Finally, on May 17, 1991, the Council enacted the "Assault Weapon Manufacturing Strict Liability Act of 1990 Repealer Act of 1991," D.C. Act 9-32, 38 D.C.Reg. 3380 (1991) ("Permanent Repealer"); and on May 23, the Chairman of the Council duly submitted the Permanent Repealer to Congress for review. Five days later, on May 28, a proposed referendum measure was submitted to the District of Columbia Board of Elections and Ethics. The Board designated it as "Referendum Measure No. 006" and titled it "Referendum on the Assault Weapon Manufacturing Strict Liability Act Repealer Act of 1991." The petition in support of the referendum was filed with the Board on July 12, before the congressional review period for the Permanent Repealer had expired. Upon being advised of the referendum petition, Congress returned the measure to the Council, as required by the Home Rule Act. D.C.Code Sec. 1-282(b)(1).
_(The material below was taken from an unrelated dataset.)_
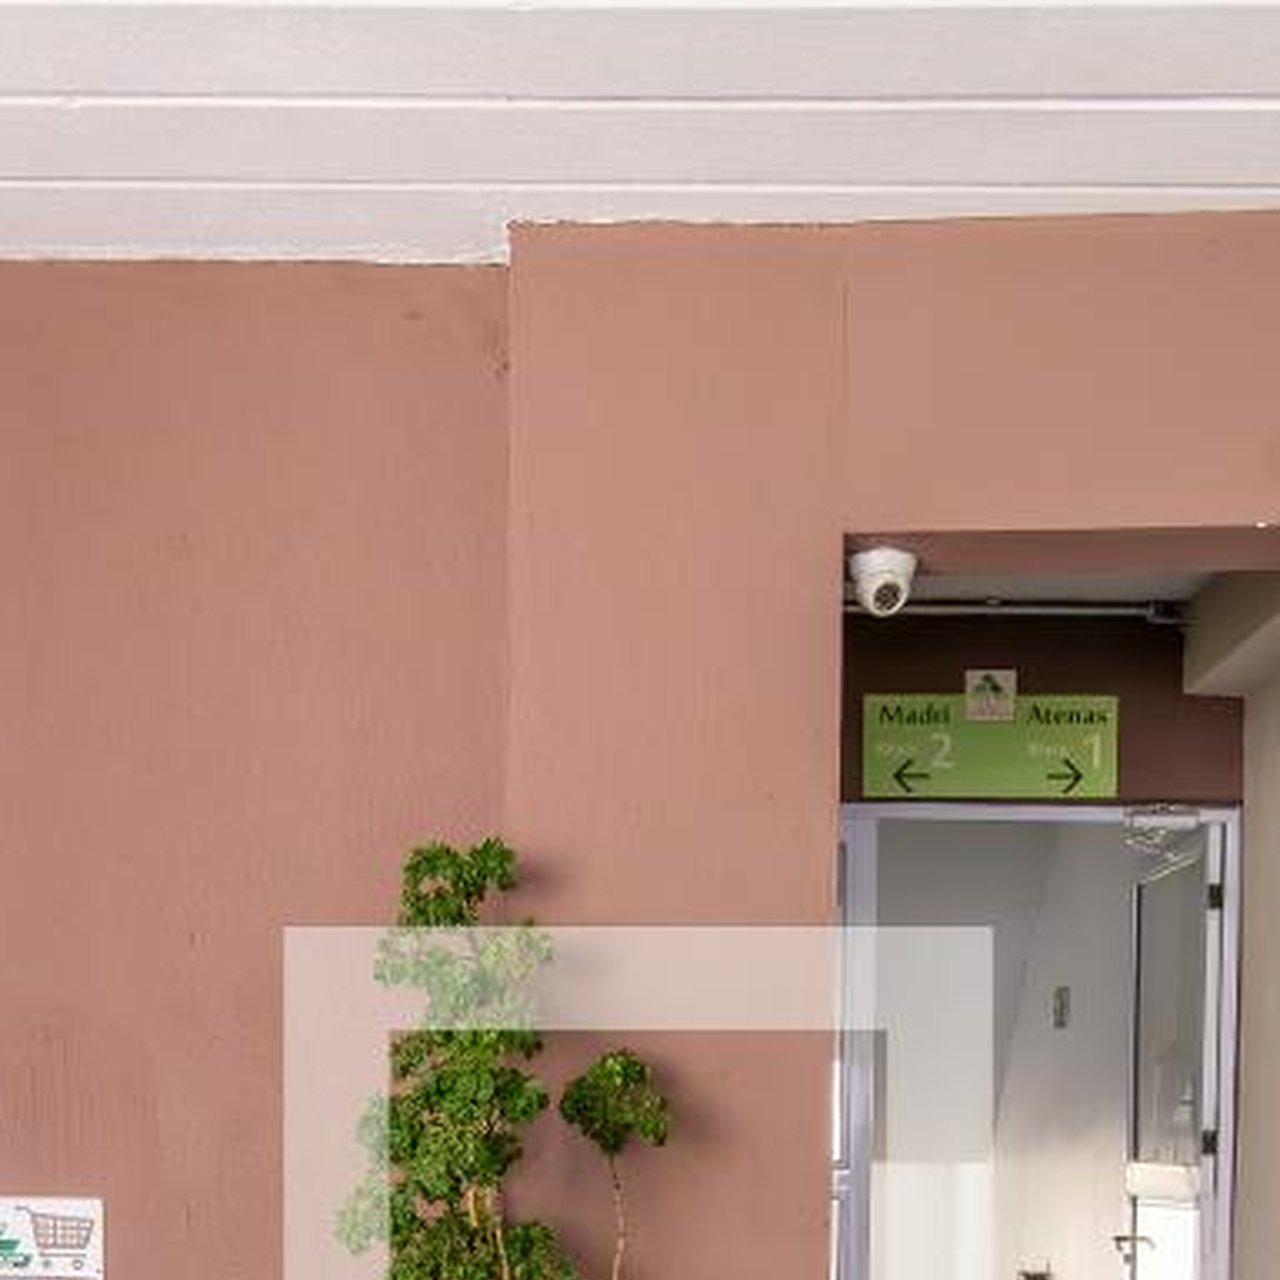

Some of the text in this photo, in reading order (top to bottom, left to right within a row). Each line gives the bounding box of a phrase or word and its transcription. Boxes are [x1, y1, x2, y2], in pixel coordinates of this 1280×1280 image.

On November 5, 1991, the District's electors voted to reject the Permanent Repealer. The Temporary Repealer, however, remained in effect until December 25, 1991--the 225th day following its adoption.

Congressman Bliley and three other members of the House of Representatives brought this action on February 19, 1992, pursuant to 28 U.S.C. Sec. 2201 and 42 U.S.C. Sec. 1983. Up to that time, Congress had taken no action with respect to the Liability Act. The specific purpose of their suit was to secure a judgment requiring the Council to resubmit the Act to Congress and declaring that the Act had not taken effect and could not take effect until it had been resubmitted for review pursuant to section 1-233(c)(1). See Amended Complaint at 12-13. They argue that the adoption of the Emergency and Temporary Repealers had removed the Liability Act from congressional consideration, thereby requiring a new submission. The district court disagreed; and because it concluded that the Act had taken effect in March 1991 on the expiration of the statutory review period initiated by the Act's transmission to Congress, it granted the District's motion to dismiss appellants' claim. Bliley v. Kelly, 793 F.Supp. 353 (D.D.C.1992). We review this decision de novo. Danielsen v. Burnside-Ott Aviation Training Ctr., 941 F.2d 1220, 1230 (D.C.Cir.1991).

II. DISCUSSION
A. Jurisdiction

The District begins its defense by raising two jurisdictional arguments. It first urges that the district court abused its discretion by hearing this suit. It maintains that under the doctrine of equitable discretion, the court should have dismissed the Congressmen's claim. This argument stems from our decisions in Melcher v. Fed. Open Mkt. Comm., 836 F.2d 561 (D.C.Cir.1987), and Riegle v. Fed. Open Mkt. Comm., 656 F.2d 873 (D.C.Cir.1981). We stated in Melcher that "if a legislator could obtain substantial relief from his fellow legislators through the legislative process itself, then it is an abuse of discretion for a court to entertain the legislator's action." 836 F.2d at 565 (footnote omitted); see also Riegle, 656 F.2d at 881. The...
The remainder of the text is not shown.